Created attachment 1782610 [details] Logs of failing pods Cluster storage operator pods restart many times on SNO cluster Version-Release number of selected component (if applicable): Client Version: 4.8.0-0.nightly-2021-04-30-154520 Server Version: 4.8.0-0.nightly-2021-04-30-201824 Kubernetes Version: v1.21.0-rc.0+aa1dc1f How reproducible: Always, every 6 hours Steps to Reproduce: 1. Install SNO cluster and wait for at least 6 hours 2. Run command: $ oc get po -n openshift-cluster-storage-operator NAME READY STATUS RESTARTS AGE cluster-storage-operator-58dcf95d48-cj6bv 1/1 Running 4 7d20h csi-snapshot-controller-5f5bcf6bd9-pcrvb 1/1 Running 2 7d20h csi-snapshot-controller-operator-64c499f646-nfjst 1/1 Running 4 7d20h csi-snapshot-webhook-59b54f69cd-ngg2f 1/1 Running 0 7d20h 3. Get the log before restart: $ oc -n openshift-cluster-storage-operator logs {pod name} -p Actual results: The pods are failing because of temporary API unavailability caused by certificate rotation Expected results: As part of SNO stabilization, we want to ensure that all the operators can handle API unavailability of 60s.

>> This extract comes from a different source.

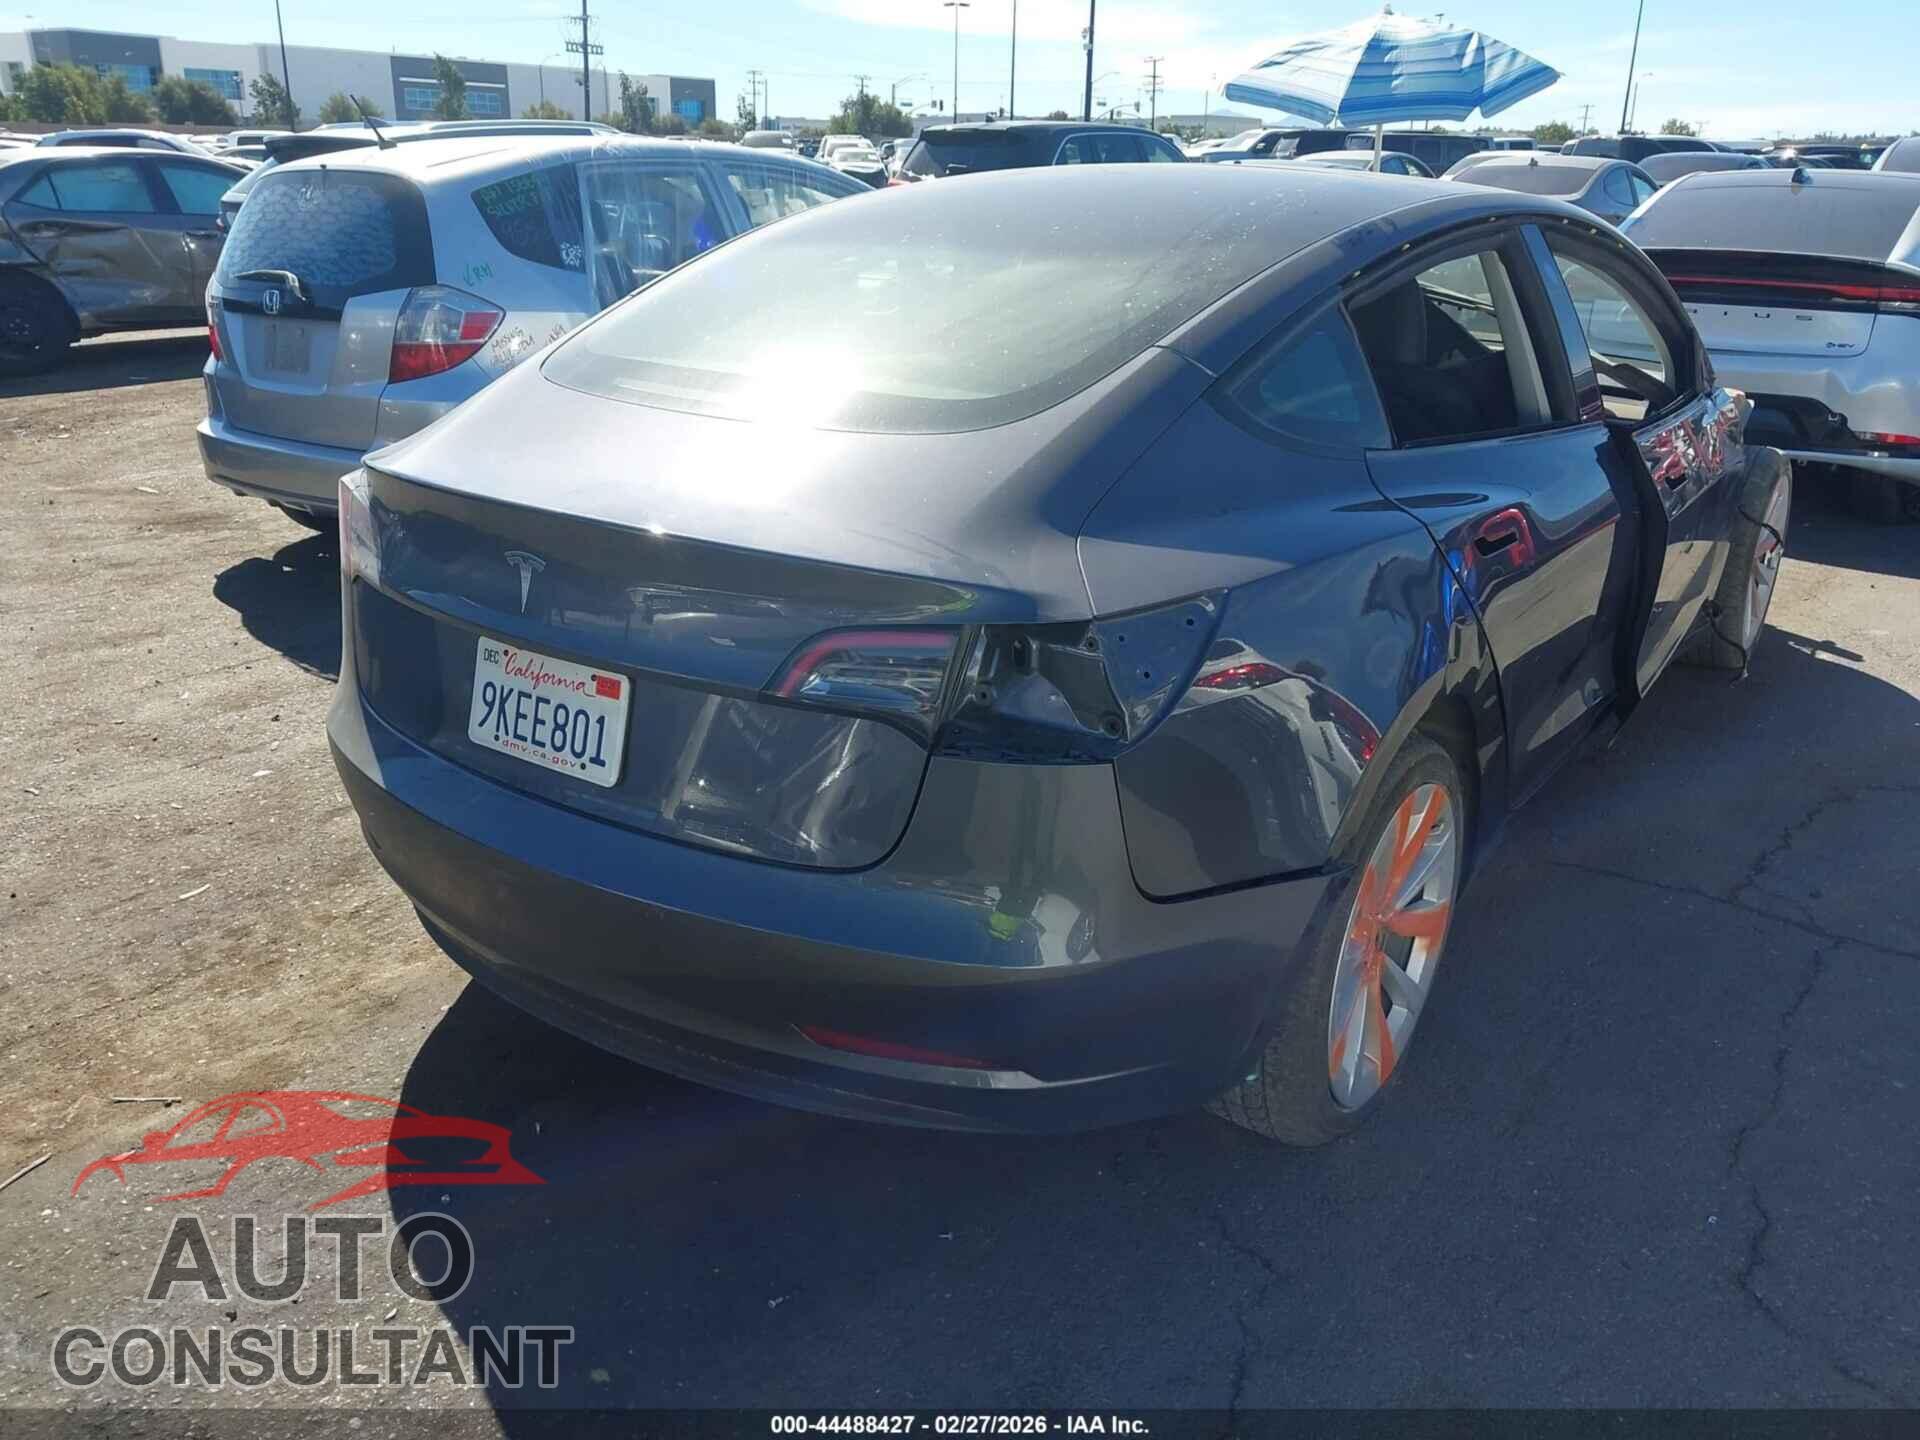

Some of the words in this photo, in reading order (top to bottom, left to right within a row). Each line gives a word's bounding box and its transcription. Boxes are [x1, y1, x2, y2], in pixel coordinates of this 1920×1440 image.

[483, 647, 499, 665] DEC
[504, 652, 597, 698] California
[478, 681, 607, 768] 9KEE801
[502, 739, 577, 769] dmv.ca.gov

Node Log (of failed PODs): cluster-storage-operator-logs.tar.gz Additional info:
What's wrong with restart? In the logs I can see that leader election refresh has failed or the operator has failed to establish delegated authentication. Especially in the leader election case, I think that exit() is the best solution, there could be other aspiring leader that can access the API server and it could get elected soon. We definitely don't want several operator leaders running in the cluster.
*** This bug has been marked as a duplicate of bug 1986215 ***